Data under study:
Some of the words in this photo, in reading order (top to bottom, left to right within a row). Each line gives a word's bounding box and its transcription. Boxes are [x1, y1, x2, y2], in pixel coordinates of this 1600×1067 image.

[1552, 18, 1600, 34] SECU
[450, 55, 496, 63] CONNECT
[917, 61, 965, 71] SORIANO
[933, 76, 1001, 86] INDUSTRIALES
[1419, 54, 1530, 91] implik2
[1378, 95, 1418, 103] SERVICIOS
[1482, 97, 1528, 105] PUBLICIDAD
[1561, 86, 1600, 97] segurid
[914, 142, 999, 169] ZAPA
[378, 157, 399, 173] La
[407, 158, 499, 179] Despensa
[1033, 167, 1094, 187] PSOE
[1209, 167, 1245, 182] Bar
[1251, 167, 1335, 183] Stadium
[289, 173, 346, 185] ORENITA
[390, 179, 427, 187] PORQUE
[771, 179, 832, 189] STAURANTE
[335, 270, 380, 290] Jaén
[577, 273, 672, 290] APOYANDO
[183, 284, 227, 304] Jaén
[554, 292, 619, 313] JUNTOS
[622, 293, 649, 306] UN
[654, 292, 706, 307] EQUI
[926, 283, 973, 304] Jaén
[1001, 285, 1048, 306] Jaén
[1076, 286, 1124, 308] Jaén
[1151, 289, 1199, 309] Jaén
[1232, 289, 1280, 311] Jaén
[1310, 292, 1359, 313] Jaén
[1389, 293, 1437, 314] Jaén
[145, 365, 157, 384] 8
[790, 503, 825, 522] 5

What to produce:
Please print all the data again exactly as given.

Response below:
Some of the words in this photo, in reading order (top to bottom, left to right within a row). Each line gives a word's bounding box and its transcription. Boxes are [x1, y1, x2, y2], in pixel coordinates of this 1600×1067 image.

[1552, 18, 1600, 34] SECU
[450, 55, 496, 63] CONNECT
[917, 61, 965, 71] SORIANO
[933, 76, 1001, 86] INDUSTRIALES
[1419, 54, 1530, 91] implik2
[1378, 95, 1418, 103] SERVICIOS
[1482, 97, 1528, 105] PUBLICIDAD
[1561, 86, 1600, 97] segurid
[914, 142, 999, 169] ZAPA
[378, 157, 399, 173] La
[407, 158, 499, 179] Despensa
[1033, 167, 1094, 187] PSOE
[1209, 167, 1245, 182] Bar
[1251, 167, 1335, 183] Stadium
[289, 173, 346, 185] ORENITA
[390, 179, 427, 187] PORQUE
[771, 179, 832, 189] STAURANTE
[335, 270, 380, 290] Jaén
[577, 273, 672, 290] APOYANDO
[183, 284, 227, 304] Jaén
[554, 292, 619, 313] JUNTOS
[622, 293, 649, 306] UN
[654, 292, 706, 307] EQUI
[926, 283, 973, 304] Jaén
[1001, 285, 1048, 306] Jaén
[1076, 286, 1124, 308] Jaén
[1151, 289, 1199, 309] Jaén
[1232, 289, 1280, 311] Jaén
[1310, 292, 1359, 313] Jaén
[1389, 293, 1437, 314] Jaén
[145, 365, 157, 384] 8
[790, 503, 825, 522] 5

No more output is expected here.